Free-text object descriptions

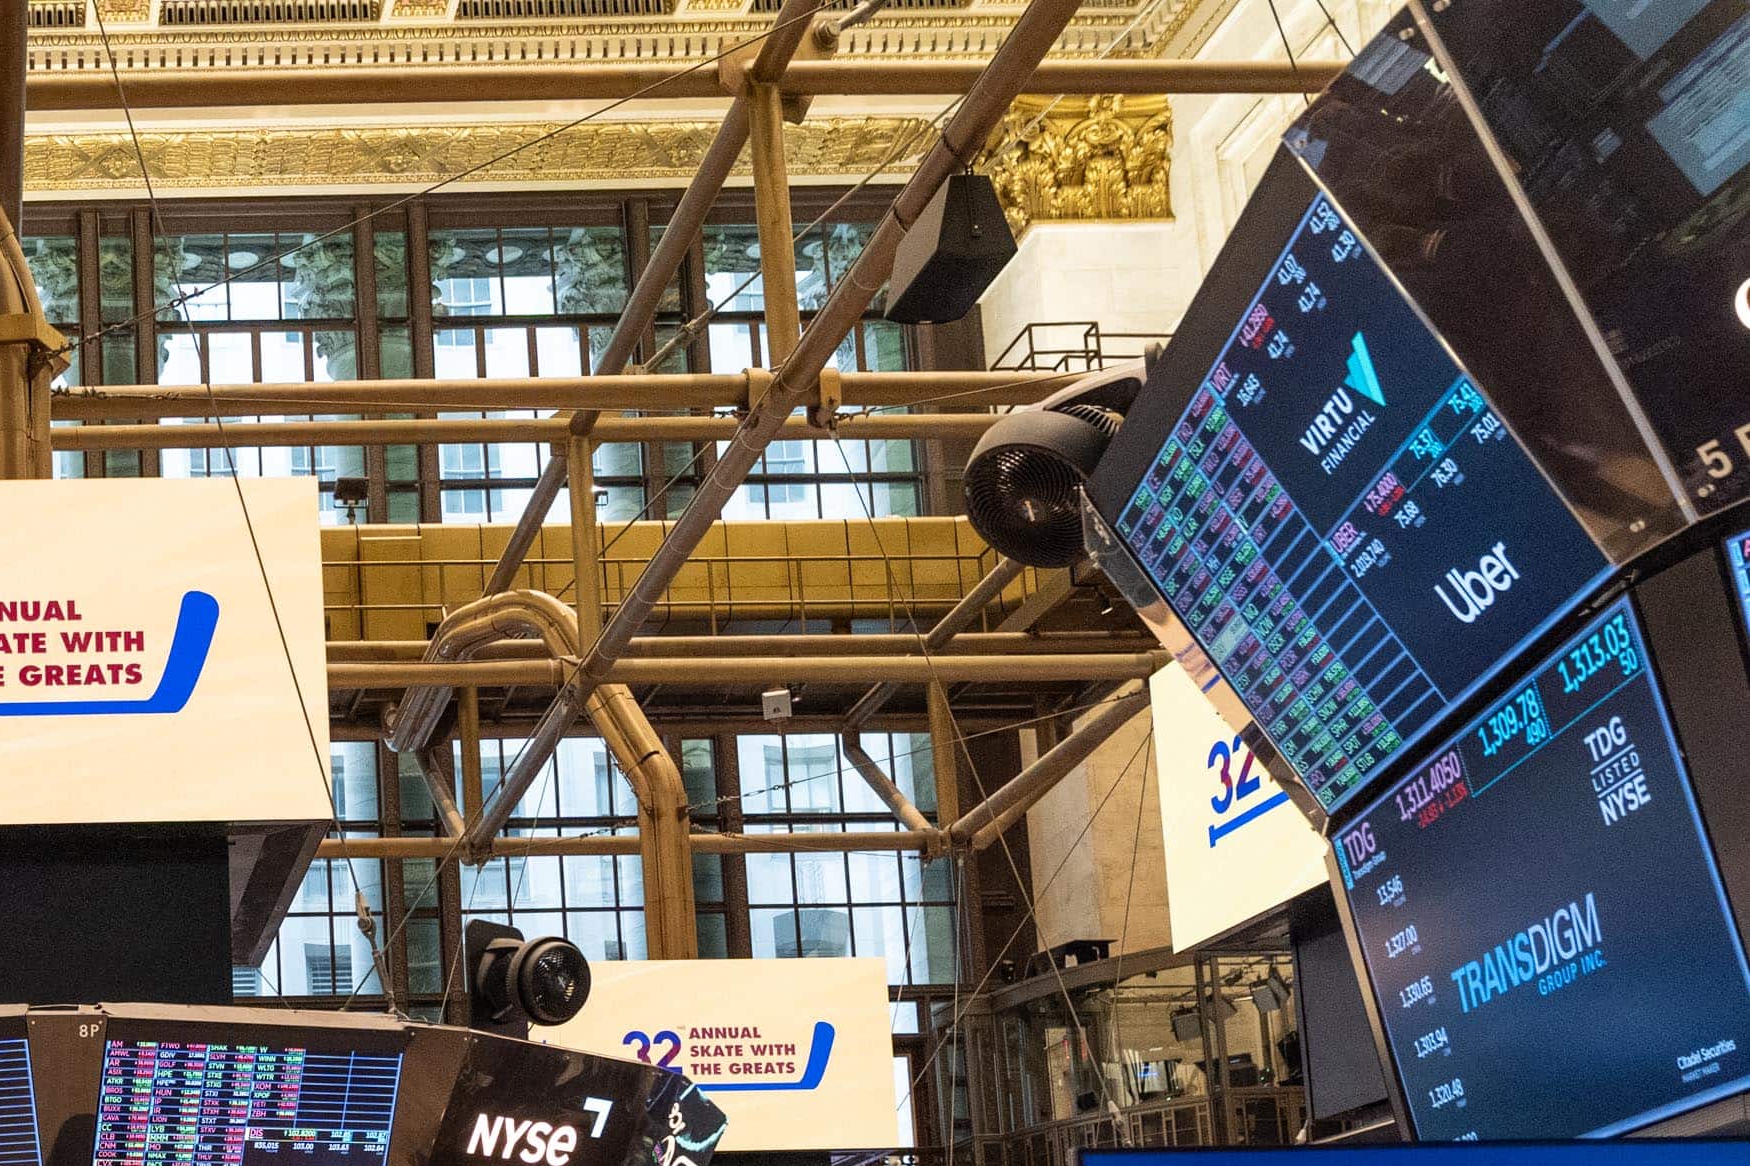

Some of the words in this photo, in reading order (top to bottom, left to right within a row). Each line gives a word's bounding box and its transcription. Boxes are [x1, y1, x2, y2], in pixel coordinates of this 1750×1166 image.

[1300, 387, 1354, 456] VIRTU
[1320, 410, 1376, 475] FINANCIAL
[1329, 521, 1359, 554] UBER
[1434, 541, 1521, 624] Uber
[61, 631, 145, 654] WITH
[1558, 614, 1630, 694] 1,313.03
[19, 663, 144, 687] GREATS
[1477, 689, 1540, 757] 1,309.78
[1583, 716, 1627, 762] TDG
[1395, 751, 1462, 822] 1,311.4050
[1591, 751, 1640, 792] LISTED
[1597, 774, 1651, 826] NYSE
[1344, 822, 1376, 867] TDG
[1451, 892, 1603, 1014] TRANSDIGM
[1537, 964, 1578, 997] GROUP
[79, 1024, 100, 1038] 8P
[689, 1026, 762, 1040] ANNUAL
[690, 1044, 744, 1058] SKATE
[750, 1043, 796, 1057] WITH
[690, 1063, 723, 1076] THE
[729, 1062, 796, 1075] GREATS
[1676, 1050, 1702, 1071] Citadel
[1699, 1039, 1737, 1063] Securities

### About this task
With the images excluded, output every record verbatim.

### Finished exercise
Some of the words in this photo, in reading order (top to bottom, left to right within a row). Each line gives a word's bounding box and its transcription. Boxes are [x1, y1, x2, y2], in pixel coordinates of this 1750×1166 image.

[1300, 387, 1354, 456] VIRTU
[1320, 410, 1376, 475] FINANCIAL
[1329, 521, 1359, 554] UBER
[1434, 541, 1521, 624] Uber
[61, 631, 145, 654] WITH
[1558, 614, 1630, 694] 1,313.03
[19, 663, 144, 687] GREATS
[1477, 689, 1540, 757] 1,309.78
[1583, 716, 1627, 762] TDG
[1395, 751, 1462, 822] 1,311.4050
[1591, 751, 1640, 792] LISTED
[1597, 774, 1651, 826] NYSE
[1344, 822, 1376, 867] TDG
[1451, 892, 1603, 1014] TRANSDIGM
[1537, 964, 1578, 997] GROUP
[79, 1024, 100, 1038] 8P
[689, 1026, 762, 1040] ANNUAL
[690, 1044, 744, 1058] SKATE
[750, 1043, 796, 1057] WITH
[690, 1063, 723, 1076] THE
[729, 1062, 796, 1075] GREATS
[1676, 1050, 1702, 1071] Citadel
[1699, 1039, 1737, 1063] Securities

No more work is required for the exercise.